Debonding analysis of FRP-concrete interface between two balanced adjacent flexural cracks in plated beams

摘要

A cohesive interface modeling approach to debonding analysis of adhesively bonded interface between two balanced adjacent flexural cracks in conventional material (e. g., concrete or wood) beams strengthened with externally bonded FRP plates is presented. Both the strengthened beam and strengthening FRP are modeled as two linearly elastic Euler-Bernoulli beams bonded together through a thin adhesive layer. A bi-linear cohesive model, which is commonly used in the literature, is adopted to characterize the stress-deformation relationship of the FRP-concrete interface. Completely different from the single-lap or double-shear pull models in which only the axial pull force is considered, the present model takes the couple moment and transverse shear forces in both the substrates into account to study the second type of intermediate crack-induced debonding (IC debonding) along the interface. The whole debonding process of the FRP-concrete interface is discussed in detail, and closed-form solutions of bond slip, interface shear stress, and axial force of FRP in different stages are obtained.

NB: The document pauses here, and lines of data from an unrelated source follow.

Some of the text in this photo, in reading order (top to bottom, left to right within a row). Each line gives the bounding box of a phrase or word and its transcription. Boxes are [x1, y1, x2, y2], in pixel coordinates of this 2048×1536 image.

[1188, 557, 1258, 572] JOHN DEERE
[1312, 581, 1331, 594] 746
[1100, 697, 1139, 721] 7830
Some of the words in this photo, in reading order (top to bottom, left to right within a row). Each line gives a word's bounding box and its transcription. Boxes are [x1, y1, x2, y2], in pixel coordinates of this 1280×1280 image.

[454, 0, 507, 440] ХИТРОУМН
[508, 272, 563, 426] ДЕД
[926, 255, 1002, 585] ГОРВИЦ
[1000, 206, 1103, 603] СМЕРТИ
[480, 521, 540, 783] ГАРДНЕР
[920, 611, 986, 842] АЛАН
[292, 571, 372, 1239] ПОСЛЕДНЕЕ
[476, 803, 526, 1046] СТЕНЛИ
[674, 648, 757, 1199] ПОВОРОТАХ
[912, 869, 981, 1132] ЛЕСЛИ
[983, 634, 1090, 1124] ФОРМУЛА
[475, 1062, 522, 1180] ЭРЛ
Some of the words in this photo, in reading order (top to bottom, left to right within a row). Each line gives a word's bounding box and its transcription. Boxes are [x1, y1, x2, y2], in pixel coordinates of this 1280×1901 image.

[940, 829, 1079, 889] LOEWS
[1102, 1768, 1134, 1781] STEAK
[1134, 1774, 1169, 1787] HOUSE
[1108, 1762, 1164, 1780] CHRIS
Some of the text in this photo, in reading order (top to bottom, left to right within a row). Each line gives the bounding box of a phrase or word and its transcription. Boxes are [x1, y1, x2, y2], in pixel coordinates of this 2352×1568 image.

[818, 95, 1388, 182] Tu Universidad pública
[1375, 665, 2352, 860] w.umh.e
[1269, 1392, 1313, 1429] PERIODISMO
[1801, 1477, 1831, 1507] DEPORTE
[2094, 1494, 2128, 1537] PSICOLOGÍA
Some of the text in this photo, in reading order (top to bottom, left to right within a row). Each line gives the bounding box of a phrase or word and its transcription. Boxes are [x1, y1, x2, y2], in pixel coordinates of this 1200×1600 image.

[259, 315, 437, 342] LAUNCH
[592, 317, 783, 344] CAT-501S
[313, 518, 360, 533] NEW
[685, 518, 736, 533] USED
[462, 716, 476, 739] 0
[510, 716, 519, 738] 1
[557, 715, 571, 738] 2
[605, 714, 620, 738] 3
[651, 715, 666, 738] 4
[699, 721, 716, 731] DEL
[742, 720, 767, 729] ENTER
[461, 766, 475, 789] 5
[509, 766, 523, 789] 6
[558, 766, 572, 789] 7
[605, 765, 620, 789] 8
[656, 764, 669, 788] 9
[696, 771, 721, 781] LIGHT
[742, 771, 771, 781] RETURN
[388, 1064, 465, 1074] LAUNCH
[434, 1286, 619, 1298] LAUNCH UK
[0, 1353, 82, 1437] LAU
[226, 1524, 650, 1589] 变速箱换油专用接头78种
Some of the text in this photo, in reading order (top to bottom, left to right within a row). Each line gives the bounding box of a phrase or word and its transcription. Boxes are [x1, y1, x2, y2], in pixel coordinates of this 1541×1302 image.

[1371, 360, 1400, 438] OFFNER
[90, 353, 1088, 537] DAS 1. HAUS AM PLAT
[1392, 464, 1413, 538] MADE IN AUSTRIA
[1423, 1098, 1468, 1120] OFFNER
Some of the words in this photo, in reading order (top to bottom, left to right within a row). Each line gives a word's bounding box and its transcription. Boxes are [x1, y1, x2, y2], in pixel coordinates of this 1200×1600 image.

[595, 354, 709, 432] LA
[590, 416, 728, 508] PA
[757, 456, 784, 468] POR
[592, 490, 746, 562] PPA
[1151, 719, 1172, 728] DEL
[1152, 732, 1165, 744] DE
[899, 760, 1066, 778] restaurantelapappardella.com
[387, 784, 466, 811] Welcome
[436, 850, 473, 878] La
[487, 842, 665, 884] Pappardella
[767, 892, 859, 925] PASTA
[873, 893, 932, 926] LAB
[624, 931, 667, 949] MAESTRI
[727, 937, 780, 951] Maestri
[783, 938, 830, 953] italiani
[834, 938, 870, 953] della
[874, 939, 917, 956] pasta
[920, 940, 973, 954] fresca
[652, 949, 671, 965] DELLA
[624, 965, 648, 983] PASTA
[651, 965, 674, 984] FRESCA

A rotational spring model is introduced at locations of the two adjacent flexural cracks to model the local flexibility of the cracked concrete beam, with which the relationship between the local bond slip and externally applied load is established and the real bond failure process of the FRP-plated concrete beam with the increasing of the externally applied load is revealed. Parametric studies are further conducted to investigate the effect of the thickness of adhesive layer on the bond behavior of FRP-concrete interface. The present closed-form solution and analysis on the local bond slip versus applied load relationship for the second type of IC debonding along the interface shed light on the bond failure process of structures externally strengthened with FRP composite plates and can be used effectively and efficiently to predict ductility and ultimate load of FRP-strengthened structures.